> _Your instructions_
Give back each line of the data exactly as it reads, minus the pictures.

Stored items
---+---
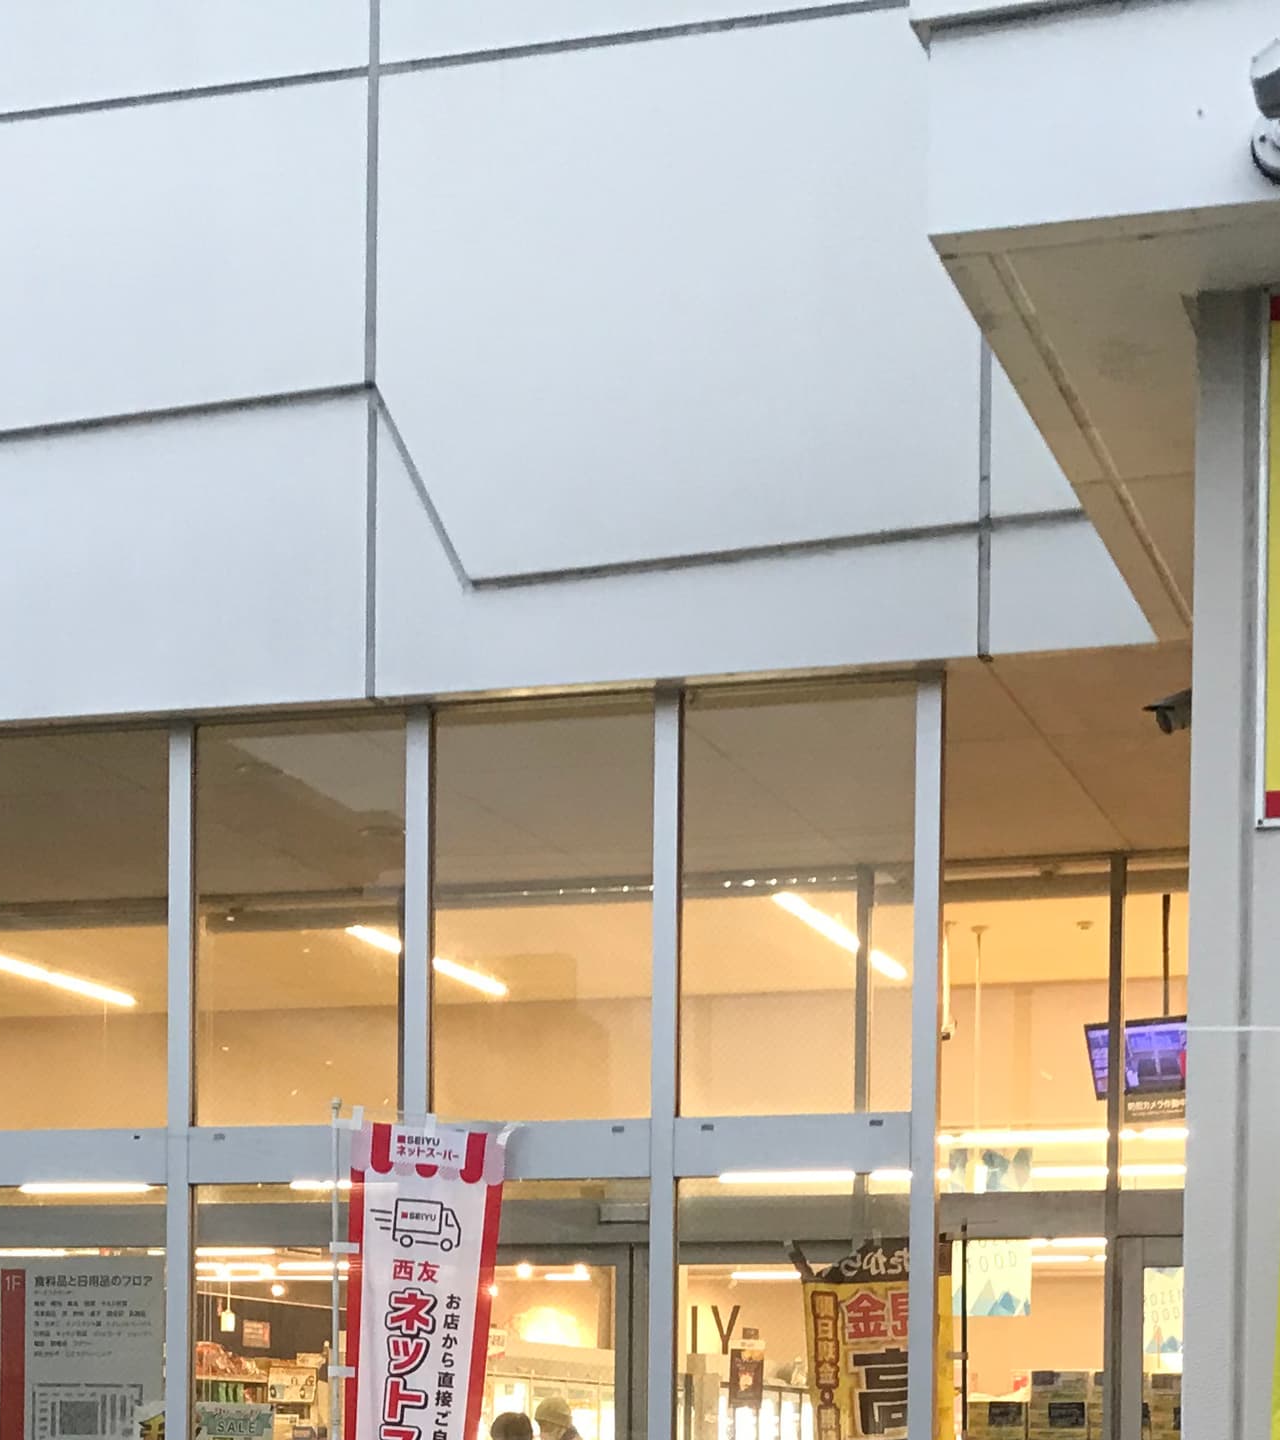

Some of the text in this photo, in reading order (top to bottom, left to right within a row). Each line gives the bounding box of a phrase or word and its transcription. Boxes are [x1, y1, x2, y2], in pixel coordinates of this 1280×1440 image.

[407, 1135, 440, 1147] SEIYU
[396, 1145, 460, 1161] ネットスーパー
[409, 1211, 436, 1222] SEIYU
[392, 1258, 441, 1283] 西友
[5, 1275, 21, 1291] 1F
[34, 1275, 153, 1288] 食料品と日用品のフロア
[217, 1421, 255, 1433] SALE
---+---
> _Reply to the task_
Some of the text in this photo, in reading order (top to bottom, left to right within a row). Each line gives the bounding box of a phrase or word and its transcription. Boxes are [x1, y1, x2, y2], in pixel coordinates of this 1280×1440 image.

[407, 1135, 440, 1147] SEIYU
[396, 1145, 460, 1161] ネットスーパー
[409, 1211, 436, 1222] SEIYU
[392, 1258, 441, 1283] 西友
[5, 1275, 21, 1291] 1F
[34, 1275, 153, 1288] 食料品と日用品のフロア
[217, 1421, 255, 1433] SALE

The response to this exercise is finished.